___ EXERCISE MATERIAL ___

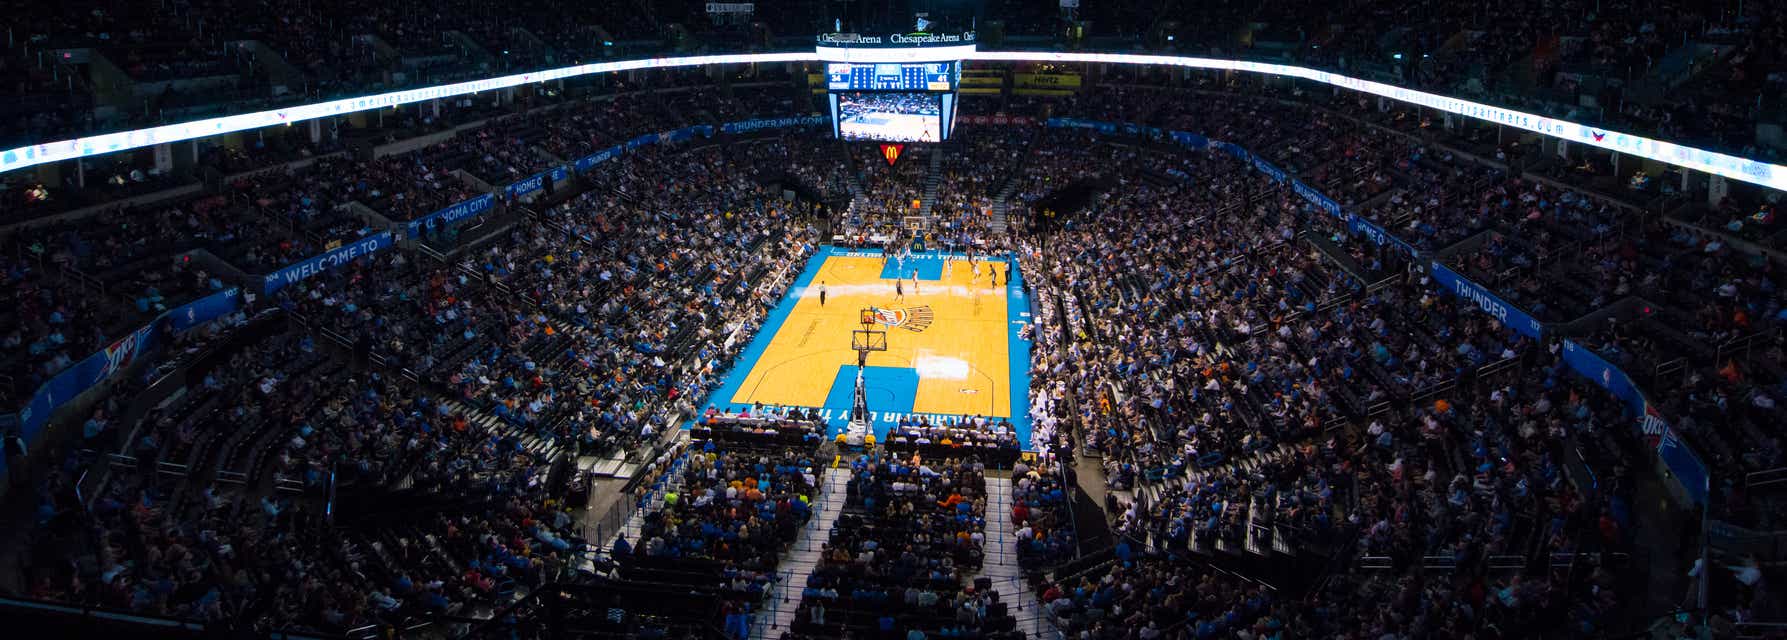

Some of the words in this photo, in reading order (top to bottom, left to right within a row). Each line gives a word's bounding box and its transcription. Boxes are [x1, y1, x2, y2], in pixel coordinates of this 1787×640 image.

[857, 34, 881, 44] Arena
[890, 32, 940, 46] Chesapeake
[940, 33, 960, 42] Arena
[470, 197, 489, 213] CITY
[285, 248, 357, 284] WELCOME
[361, 239, 378, 255] TO
[1455, 279, 1508, 324] THUNDER
[1642, 414, 1664, 435] OKC
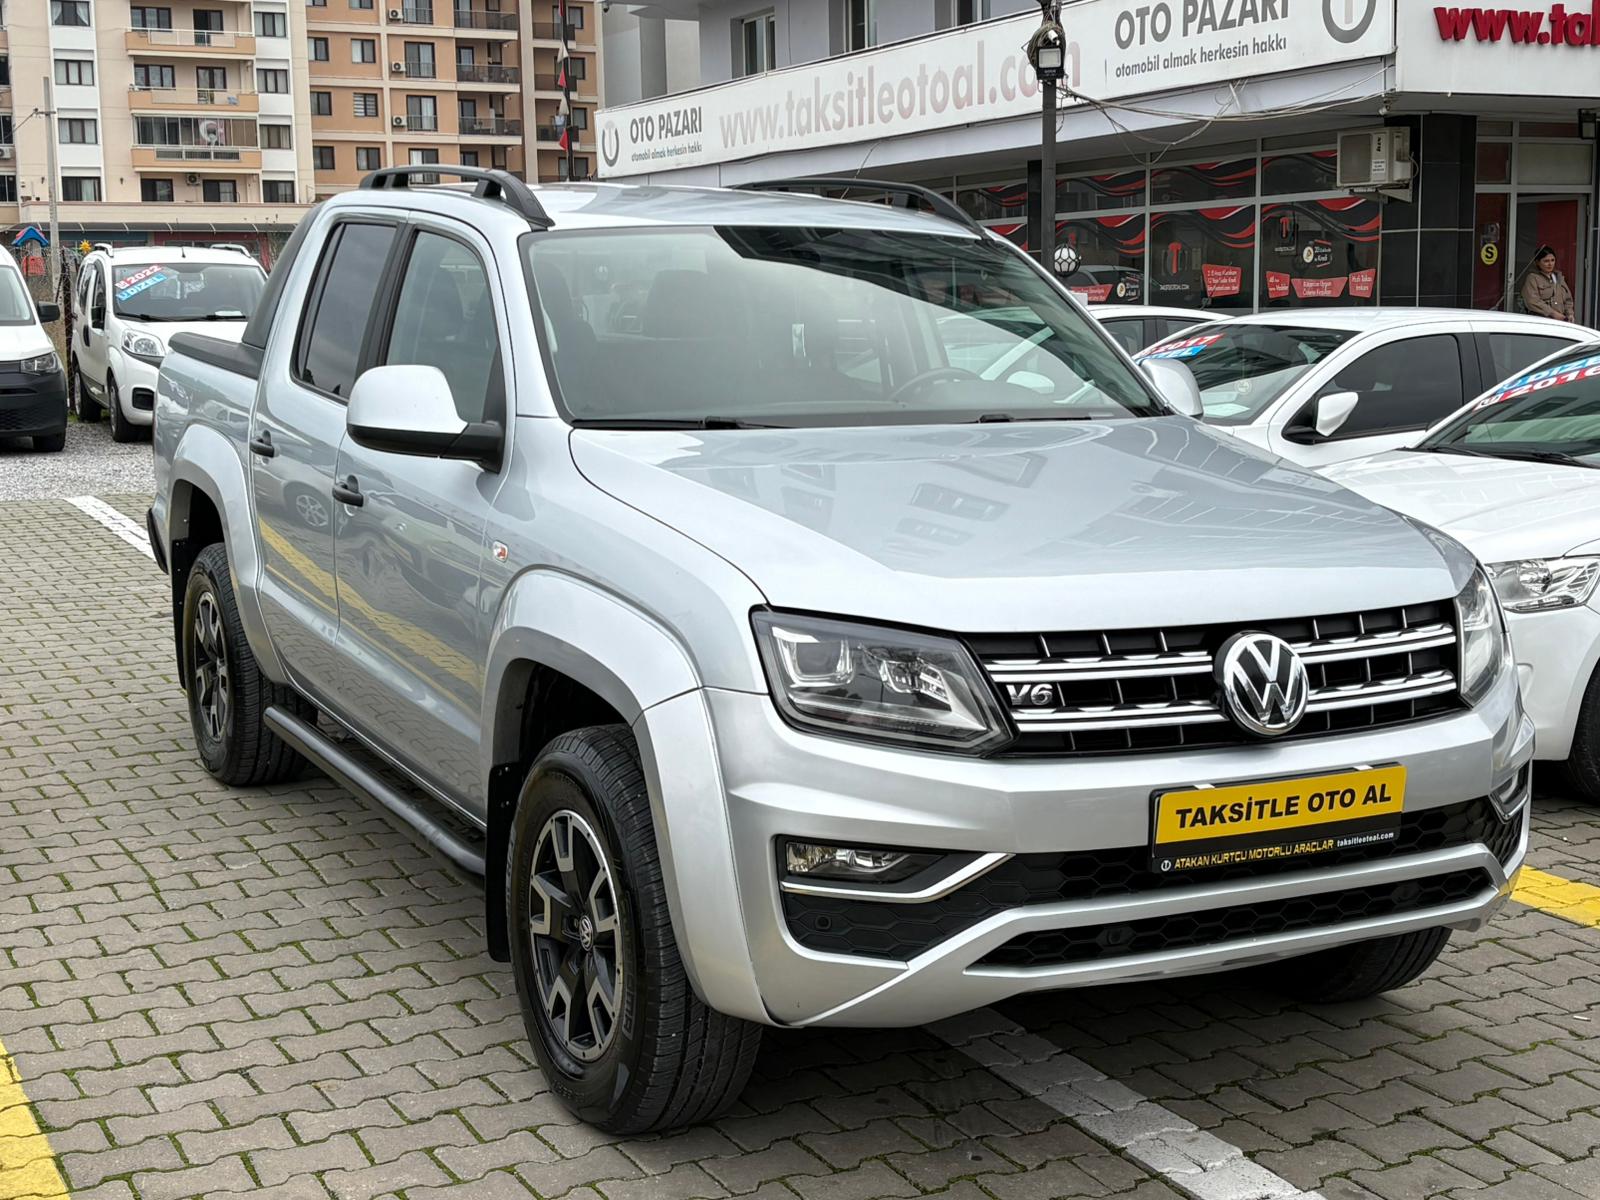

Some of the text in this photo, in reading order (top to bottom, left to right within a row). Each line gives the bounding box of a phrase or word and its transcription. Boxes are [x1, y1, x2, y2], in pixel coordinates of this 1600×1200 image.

[1114, 2, 1172, 49] OTO
[1434, 0, 1600, 46] www.ta
[1115, 33, 1287, 78] otomobil almak herkesin hakkı
[630, 106, 702, 144] OTO PAZARI
[126, 264, 162, 286] 2022
[1005, 683, 1053, 706] V6
[1175, 783, 1392, 829] TAKSİTLE OTO AL
[1174, 855, 1210, 870] ATAKAN
[1248, 843, 1292, 860] MOTORLU
[1293, 839, 1334, 855] ARAÇLAR

___

• TRY IT:
Any pictures above are to be left out. Retype the rest of the records exactly.

• ANSWER TO THE EXERCISE:
Some of the words in this photo, in reading order (top to bottom, left to right within a row). Each line gives a word's bounding box and its transcription. Boxes are [x1, y1, x2, y2], in pixel coordinates of this 1787×640 image.

[857, 34, 881, 44] Arena
[890, 32, 940, 46] Chesapeake
[940, 33, 960, 42] Arena
[470, 197, 489, 213] CITY
[285, 248, 357, 284] WELCOME
[361, 239, 378, 255] TO
[1455, 279, 1508, 324] THUNDER
[1642, 414, 1664, 435] OKC

Some of the text in this photo, in reading order (top to bottom, left to right within a row). Each line gives the bounding box of a phrase or word and its transcription. Boxes are [x1, y1, x2, y2], in pixel coordinates of this 1600×1200 image.

[1114, 2, 1172, 49] OTO
[1434, 0, 1600, 46] www.ta
[1115, 33, 1287, 78] otomobil almak herkesin hakkı
[630, 106, 702, 144] OTO PAZARI
[126, 264, 162, 286] 2022
[1005, 683, 1053, 706] V6
[1175, 783, 1392, 829] TAKSİTLE OTO AL
[1174, 855, 1210, 870] ATAKAN
[1248, 843, 1292, 860] MOTORLU
[1293, 839, 1334, 855] ARAÇLAR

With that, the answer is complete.